── RECORDS TO PROCESS

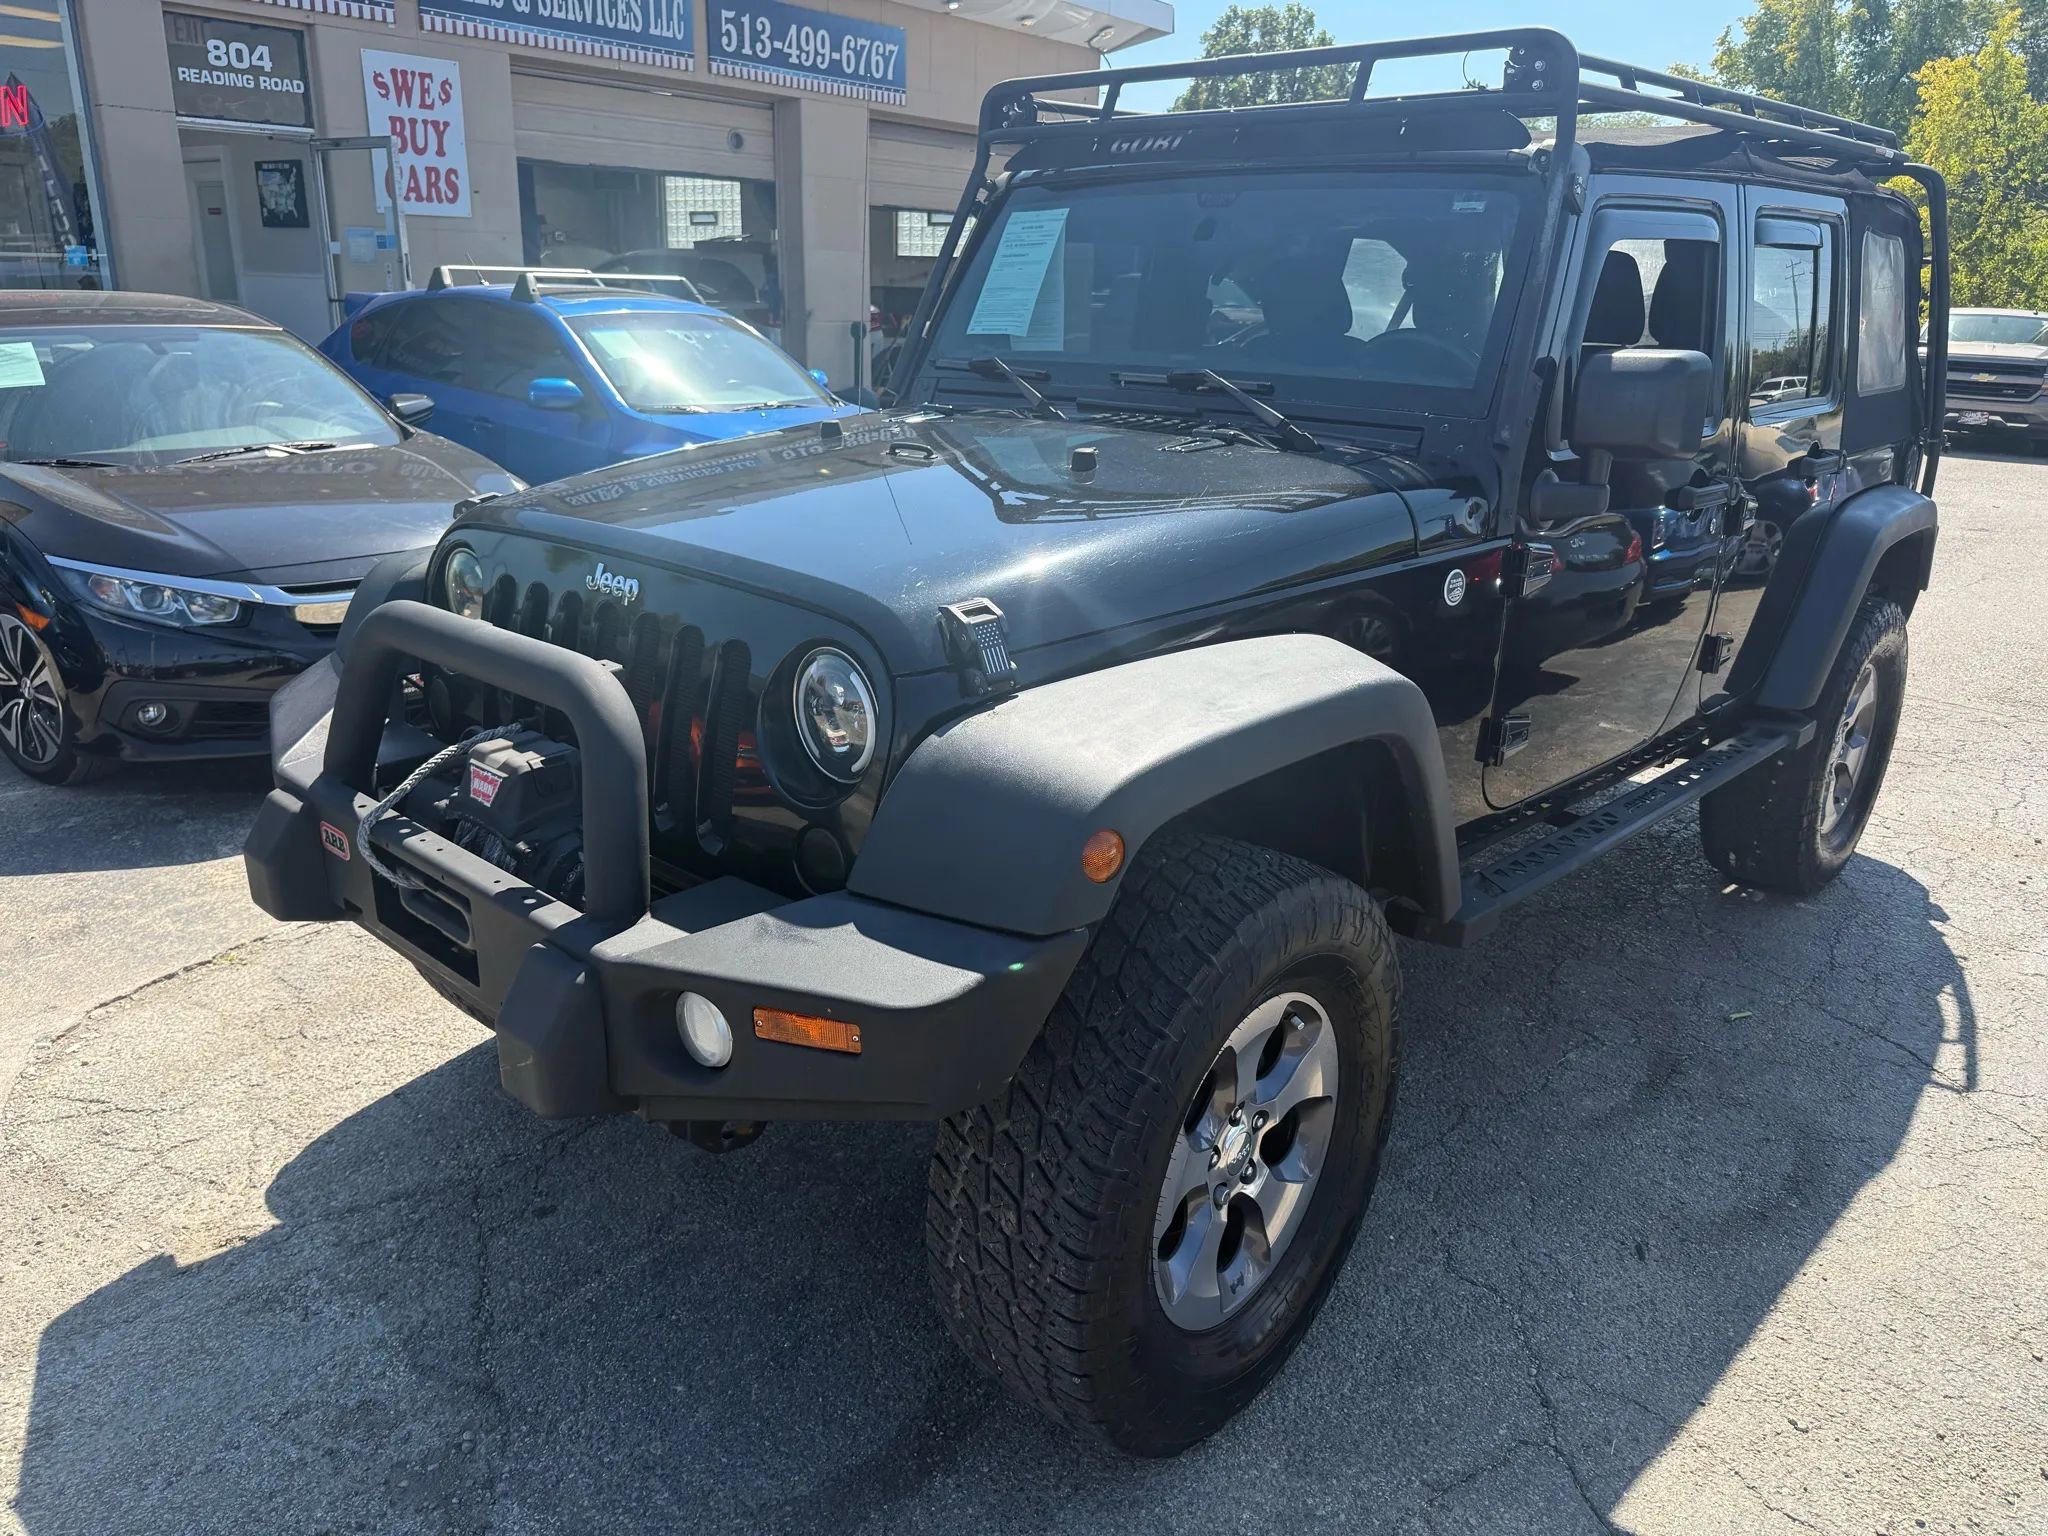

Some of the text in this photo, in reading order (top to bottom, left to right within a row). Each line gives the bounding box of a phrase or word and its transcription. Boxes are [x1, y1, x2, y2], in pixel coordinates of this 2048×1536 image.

[649, 0, 685, 40] LLC
[206, 39, 273, 72] 804
[721, 9, 899, 80] 513-499-6767
[177, 67, 305, 94] READING ROAD
[389, 115, 450, 157] BUY
[586, 562, 640, 607] Jeep
[473, 777, 495, 796] WARN
[323, 828, 347, 854] ARB

────

:: TASK BRIEF ::
Set the entries down exactly, but not the pictures.

:: WRITTEN REPLY ::
Some of the text in this photo, in reading order (top to bottom, left to right within a row). Each line gives the bounding box of a phrase or word and its transcription. Boxes are [x1, y1, x2, y2], in pixel coordinates of this 2048×1536 image.

[649, 0, 685, 40] LLC
[206, 39, 273, 72] 804
[721, 9, 899, 80] 513-499-6767
[177, 67, 305, 94] READING ROAD
[389, 115, 450, 157] BUY
[586, 562, 640, 607] Jeep
[473, 777, 495, 796] WARN
[323, 828, 347, 854] ARB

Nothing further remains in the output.